V. Uploading reads from your computer that are in the workspace¶
- Clicking on the down arrow that follows the text box (red arrow) will open a drop down box where files can be selected (blue arrow).
- Another way to upload reads that are already in the workspace is to click on the folder icon that follows the text box (red arrow) which will open a pop-up box where reads can be selected (blue arrow). The upload is completed by clicking OK (blue arrow).
- Single or paired end reads should be selected and then will appear in the text box(es).
VIII. Examining the RNA-Seq job results¶
- Once the RNA-Seq job of interest is located and clicked on in the jobs list, the vertical green bar will become populated with the View icon (red arrow). To see the results, click on that icon.
- This will open the results page for the RNA-Seq job.
- Summary.txt file. Clicking on the download button opens a text file that summarizes the steps and the different categories of feature alignment.
- Transcripts.txt file. This text file contains the data on a per gene bases. This data includes the contig, the transcription and translation stop and end sites, the strand, PATRIC and RefSeq locus tags, the functional description, estimates of abundance levels per gene, and the q-value. Estimates of transcription abundance sum the number of reads for a transcript and divides that by the transcript’s length and normalization factor. The q-value is an adjusted p-value, taking in to account the false discovery rate (FDR).
Per [McClure 2013], "From the resulting P-values, differentially expressed genes are determined by computing q-values based on Benjamini–Hochberg correction (34) with a false discovery rate <1%."

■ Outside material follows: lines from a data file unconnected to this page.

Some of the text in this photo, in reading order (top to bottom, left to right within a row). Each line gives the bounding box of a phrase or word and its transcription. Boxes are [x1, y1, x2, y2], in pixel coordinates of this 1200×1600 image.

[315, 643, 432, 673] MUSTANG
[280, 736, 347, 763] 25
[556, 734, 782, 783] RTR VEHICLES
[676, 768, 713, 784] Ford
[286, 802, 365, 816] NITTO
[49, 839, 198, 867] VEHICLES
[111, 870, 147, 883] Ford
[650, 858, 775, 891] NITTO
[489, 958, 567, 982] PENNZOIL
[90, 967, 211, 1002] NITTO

"The q value (lower case) is the Q value (upper case) at which that particular comparison would be right at the border of being a discovery. You can then report the q value for each comparison, rather than just a list of which comparisons are "discoveries" using an arbitrary value of Q."

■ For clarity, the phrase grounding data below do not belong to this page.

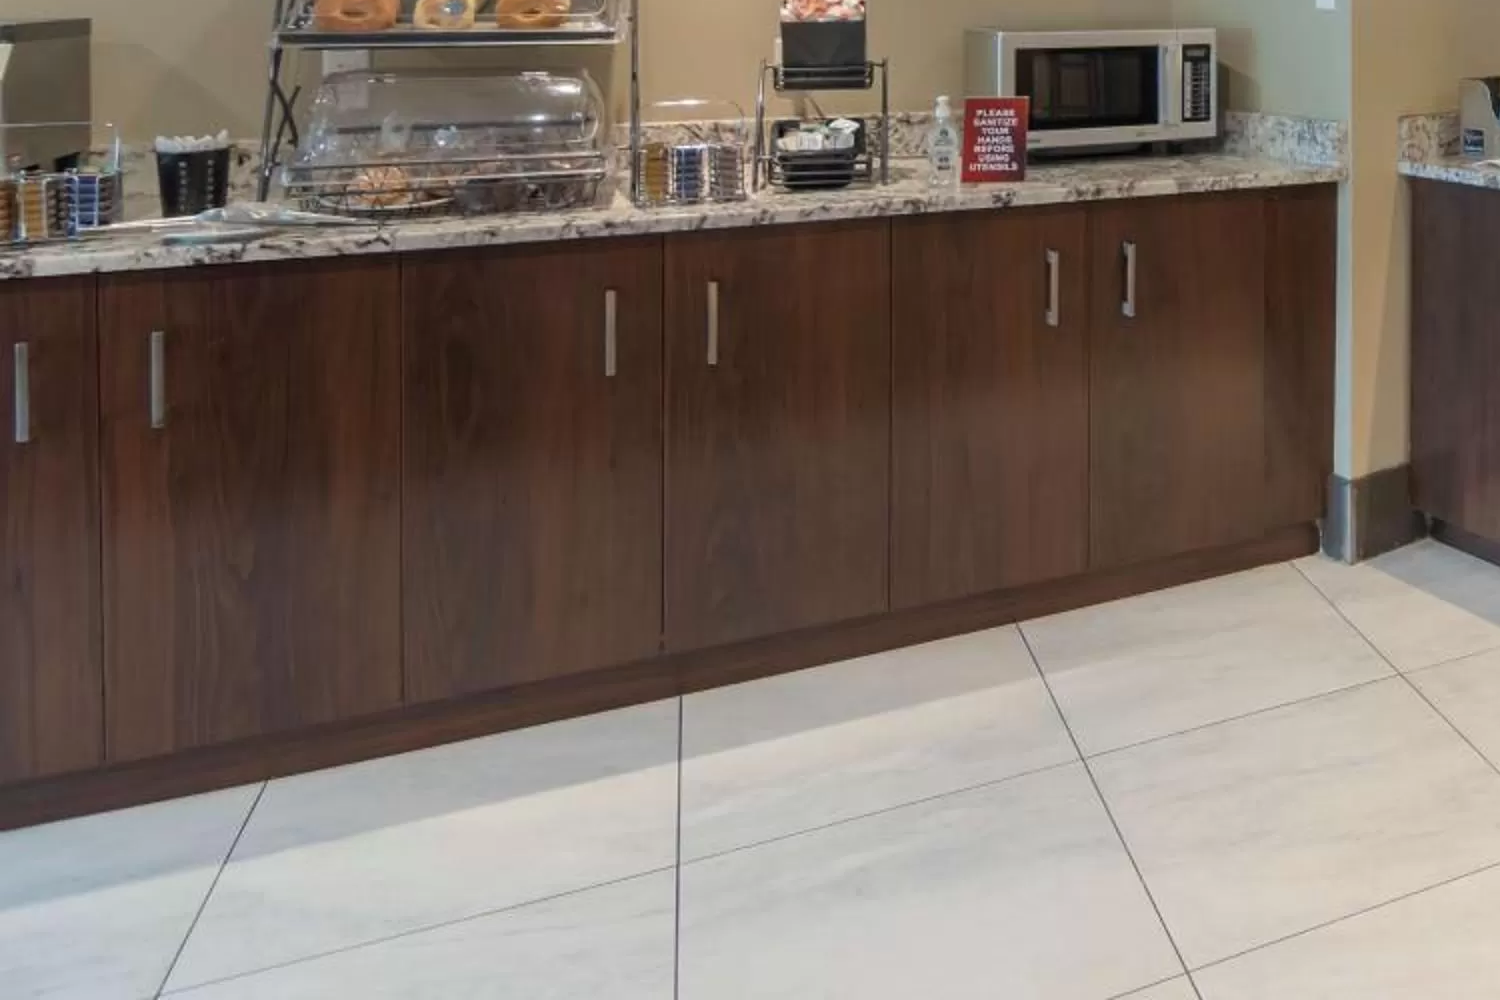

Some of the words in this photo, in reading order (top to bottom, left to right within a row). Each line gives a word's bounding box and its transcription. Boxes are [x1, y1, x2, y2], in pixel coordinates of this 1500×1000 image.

[975, 109, 1016, 117] PLEASE
[972, 118, 1018, 127] SANITIZE
[981, 127, 1010, 135] YOUR
[977, 136, 1013, 144] HANDS
[973, 145, 1014, 153] BEFORE
[978, 154, 1011, 162] USING
[969, 162, 1018, 171] UTENSILS

- BAM files. PATRIC also provides BAM files. BAM is the compressed binary version of the Sequence Alignment/Map (SAM) format, a compact and index-able representation of nucleotide sequence alignments, and uploaded into a genome browser so that researchers can see the alignment of the reads compared to the annotation for the genome in question.
- Gene_exp.gmx file. The GMX file format is a tab delimited file format that describes gene sets or other collections of elements. The RNA-Seq gene_exp.gmx file contains a list of the genes and the ratio of their expression between two conditions.

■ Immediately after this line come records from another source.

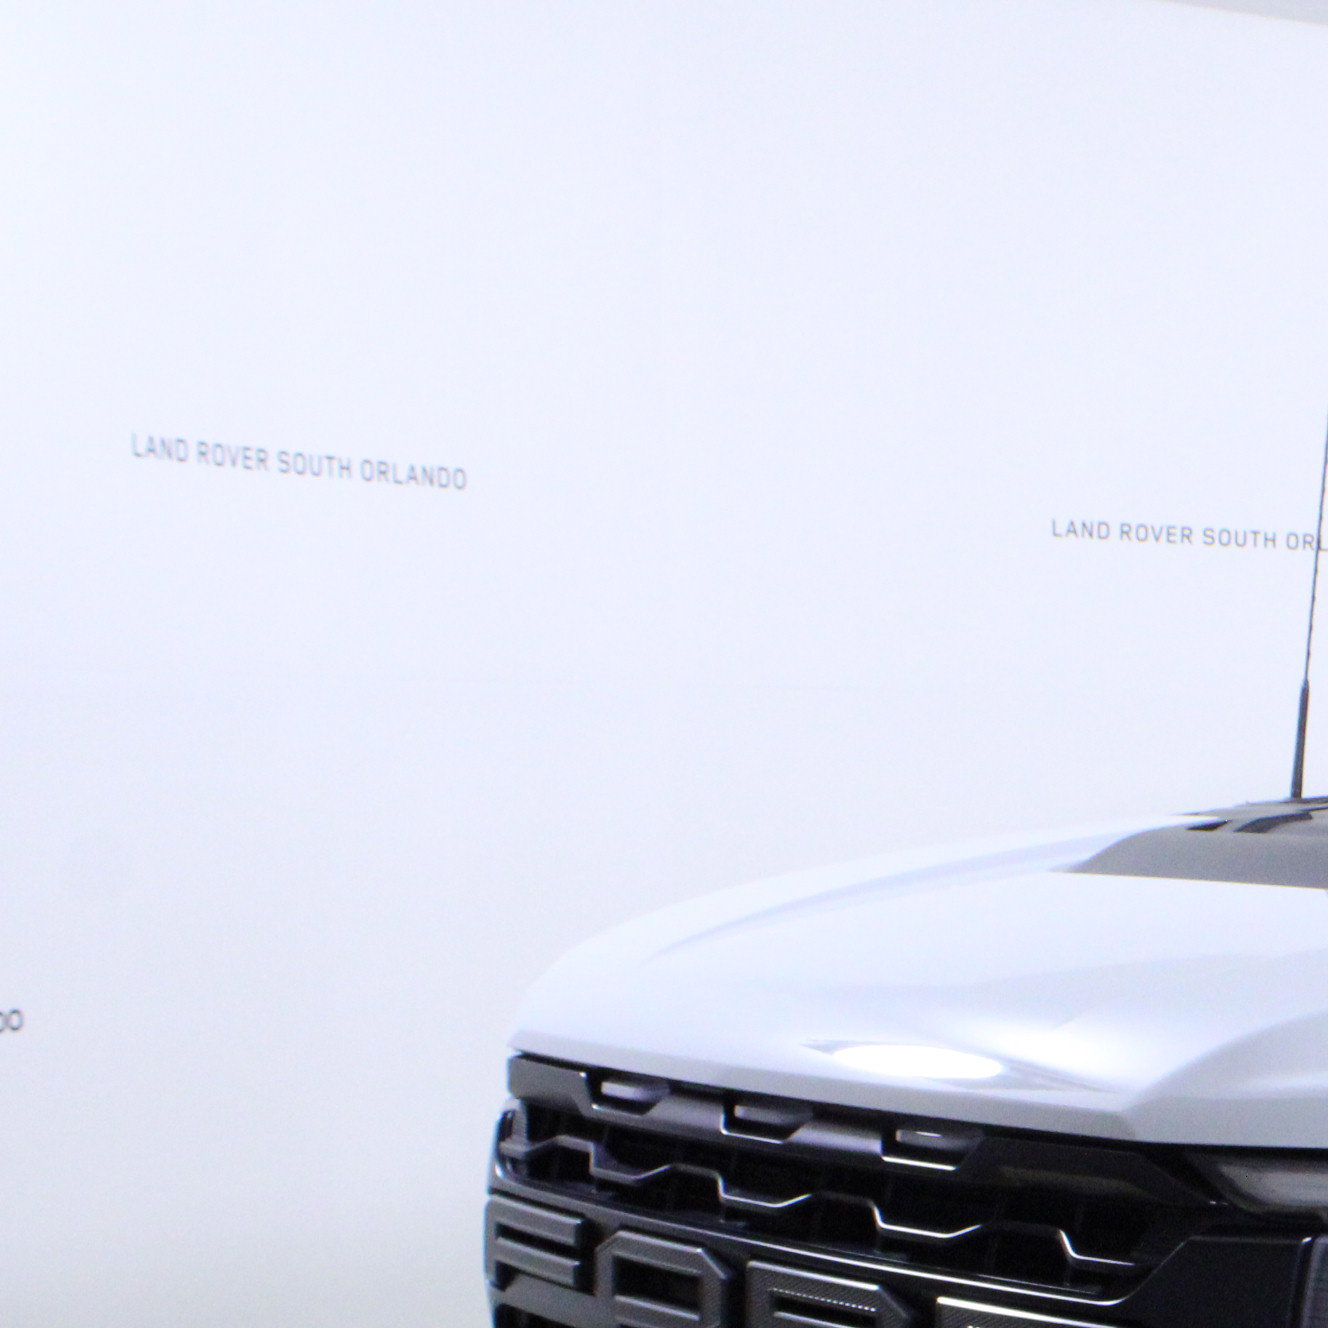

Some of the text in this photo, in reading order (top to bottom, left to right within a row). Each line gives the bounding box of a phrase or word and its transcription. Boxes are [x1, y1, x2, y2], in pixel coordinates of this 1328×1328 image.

[131, 433, 468, 491] LAND ROVER SOUTH ORLANDO
[1051, 519, 1111, 540] LAND
[1119, 522, 1193, 545] ROVER
[1203, 527, 1277, 549] SOUTH
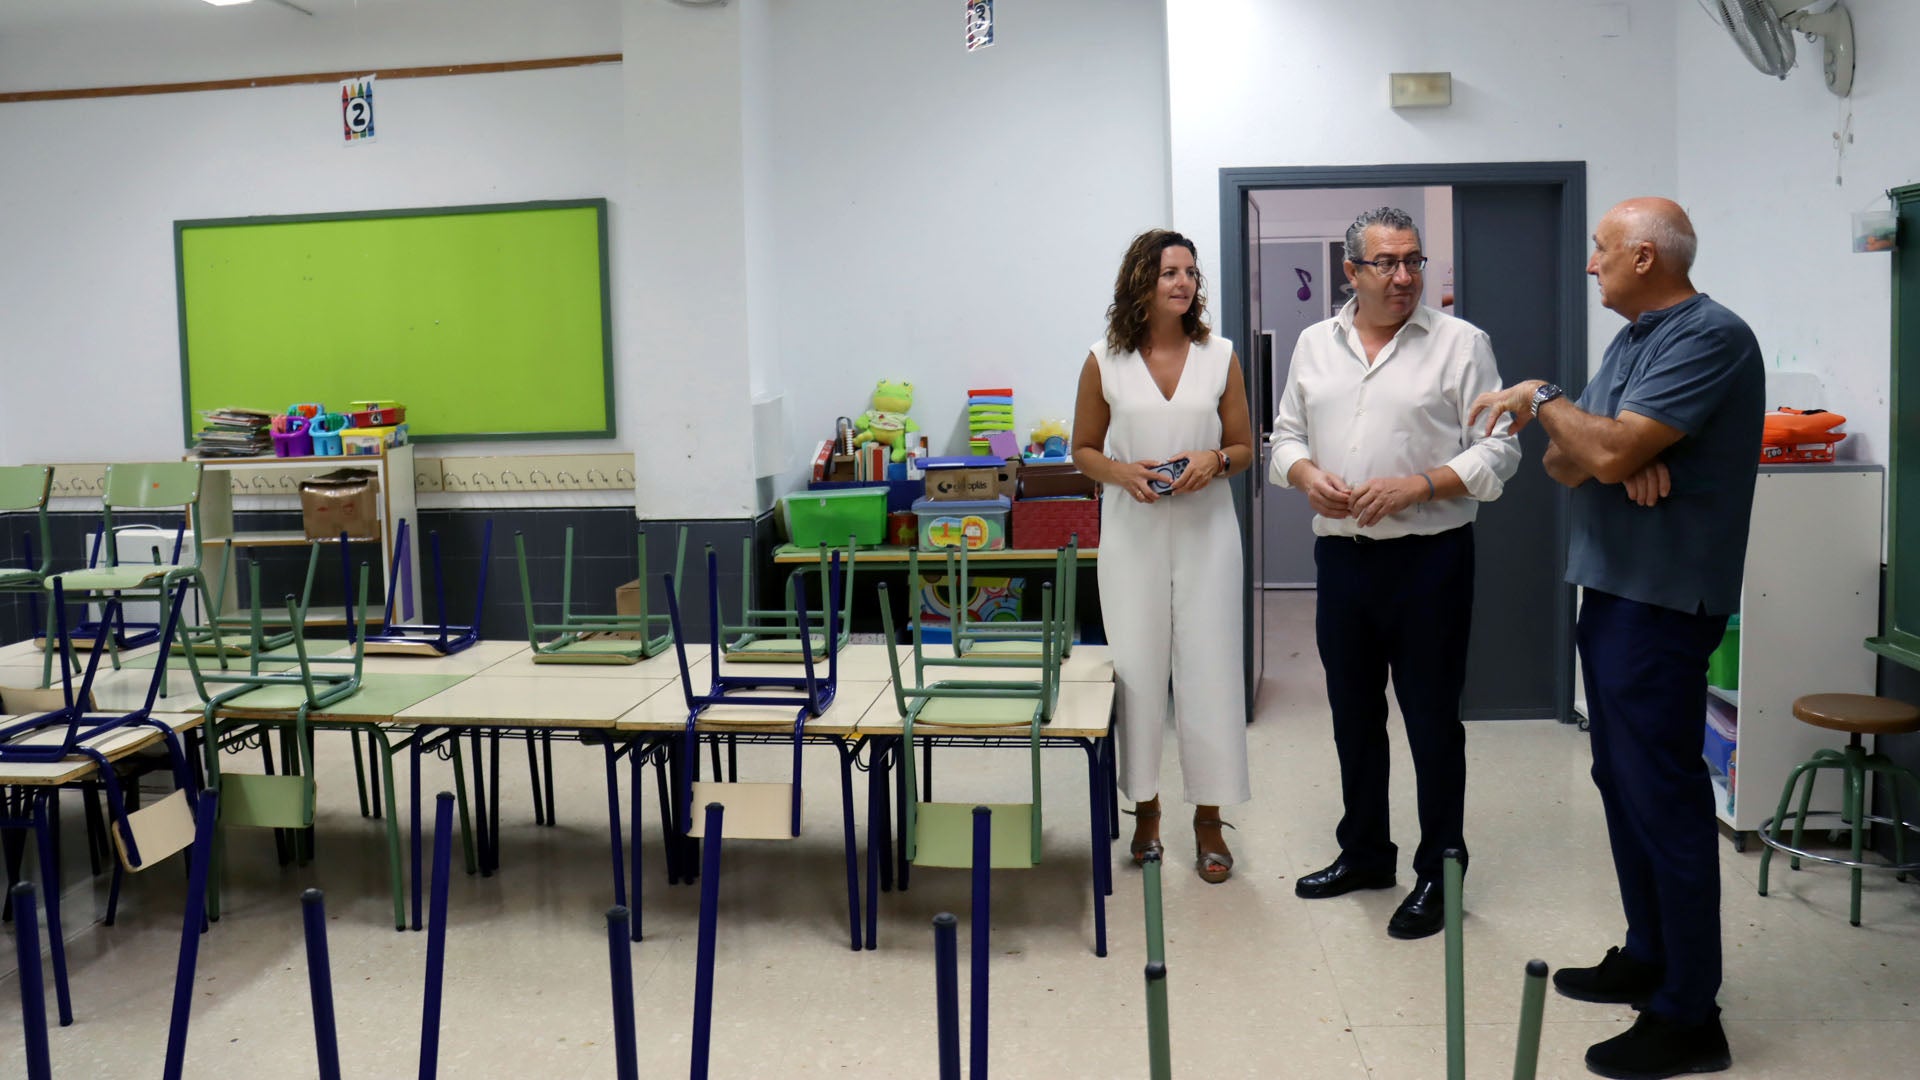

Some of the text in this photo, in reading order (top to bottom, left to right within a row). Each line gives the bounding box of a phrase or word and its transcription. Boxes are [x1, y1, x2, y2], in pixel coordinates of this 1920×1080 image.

IX. Viewing RNA-Seq results in the genome browser.¶
- Once a job is selected, click on the View icon that has appeared in the vertical green bar.
- This will open the landing page for that particular job. To see the genome browser, where the results of the variation job can be summarized, click on the Browser icon that is visible in the upper right corner of the page.
- This will open the genome browser for the genome that was selected as the reference. There is a box on the left of the browser that shows the available tracks. To see the reads, , click on the check boxes before in front of the names that end in bam.
- This will show the individual reads, with the colors indicative of the orientation of the reads (blue is forward, red is reverse).
Other output files¶
Descriptions of the other output files can be found in the RNA-Seq Analyis Service User Guide.
- McClure, R., et al., Computational analysis of bacterial RNA-Seq data. Nucleic Acids Res, 2013. 41(14): p. e140.
- Kim, D., et al., TopHat2: accurate alignment of transcriptomes in the presence of insertions, deletions and gene fusions. Genome Biol, 2013. 14(4): p. R36.
- Kim, D., B. Langmead, and S.L. Salzberg, HISAT: a fast spliced aligner with low memory requirements. Nat Methods, 2015. 12(4): p. 357-60.